§ INSTRUCTIONS FOR THE TASK: What's needed: every entry, printed exactly, minus the images.
═════ THE DATA
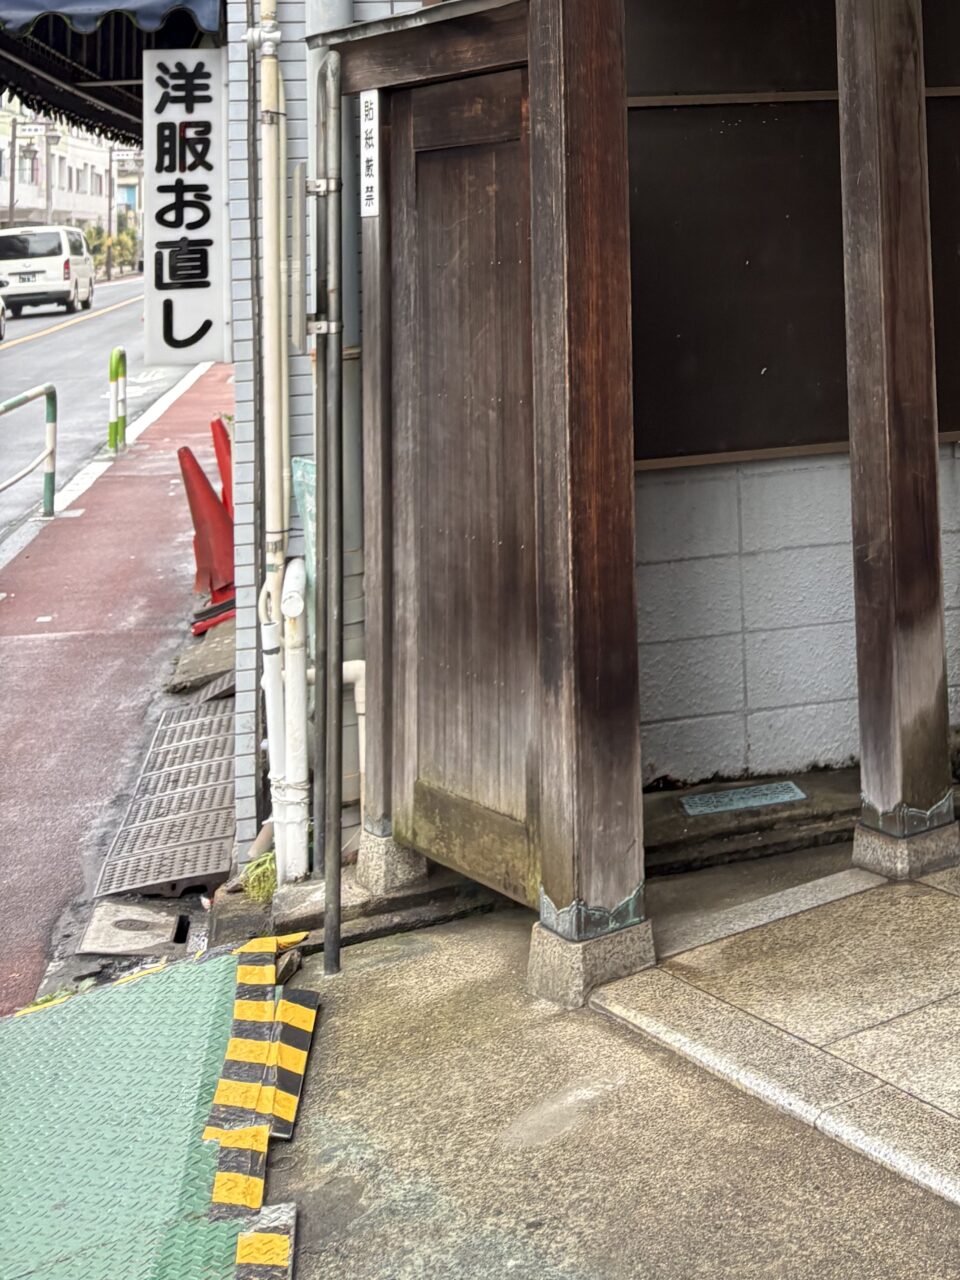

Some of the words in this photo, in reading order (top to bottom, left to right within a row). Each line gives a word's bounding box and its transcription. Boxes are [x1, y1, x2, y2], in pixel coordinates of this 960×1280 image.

[154, 61, 214, 350] 洋服お直し
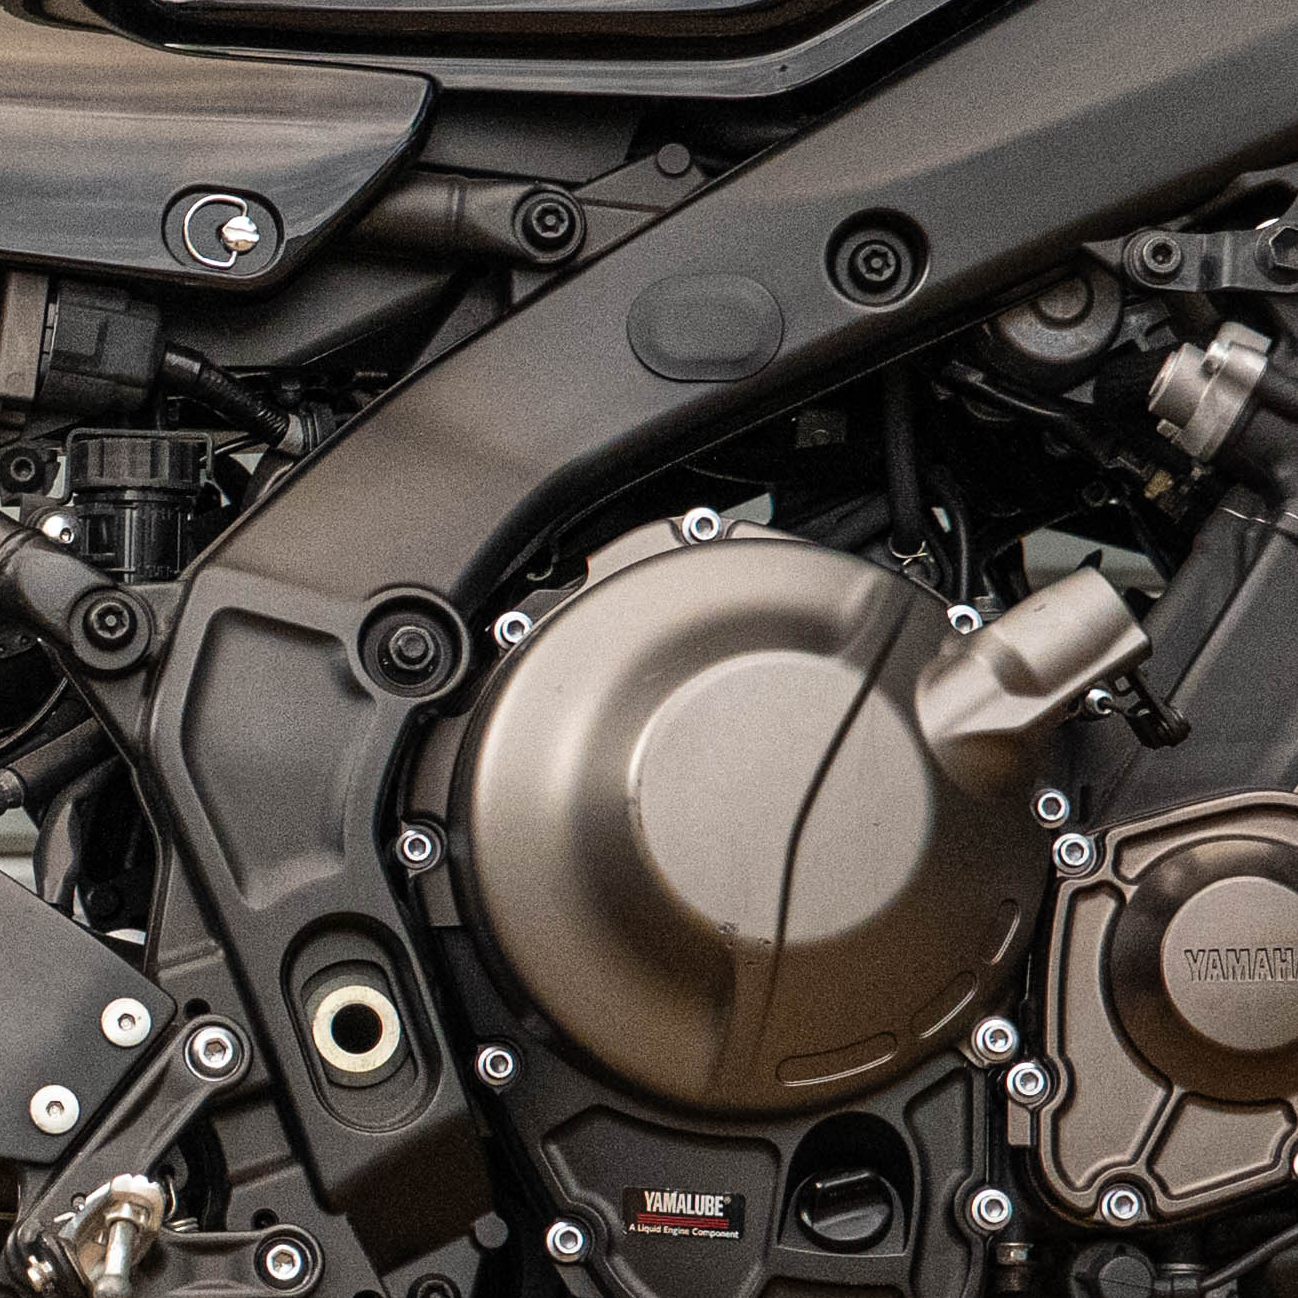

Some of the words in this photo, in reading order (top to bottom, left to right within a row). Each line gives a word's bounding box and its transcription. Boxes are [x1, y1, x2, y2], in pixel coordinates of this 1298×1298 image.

[1184, 948, 1298, 982] YAMAH
[629, 1223, 636, 1232] A
[637, 1225, 662, 1234] Liquid
[663, 1226, 690, 1237] Engine
[692, 1227, 739, 1239] Component
══════════
§ WRITTEN RESPONSE:
Some of the words in this photo, in reading order (top to bottom, left to right within a row). Each line gives a word's bounding box and its transcription. Boxes are [x1, y1, x2, y2], in pixel coordinates of this 960×1280 image.

[154, 61, 214, 350] 洋服お直し

Some of the words in this photo, in reading order (top to bottom, left to right within a row). Each line gives a word's bounding box and its transcription. Boxes are [x1, y1, x2, y2], in pixel coordinates of this 1298×1298 image.

[1184, 948, 1298, 982] YAMAH
[629, 1223, 636, 1232] A
[637, 1225, 662, 1234] Liquid
[663, 1226, 690, 1237] Engine
[692, 1227, 739, 1239] Component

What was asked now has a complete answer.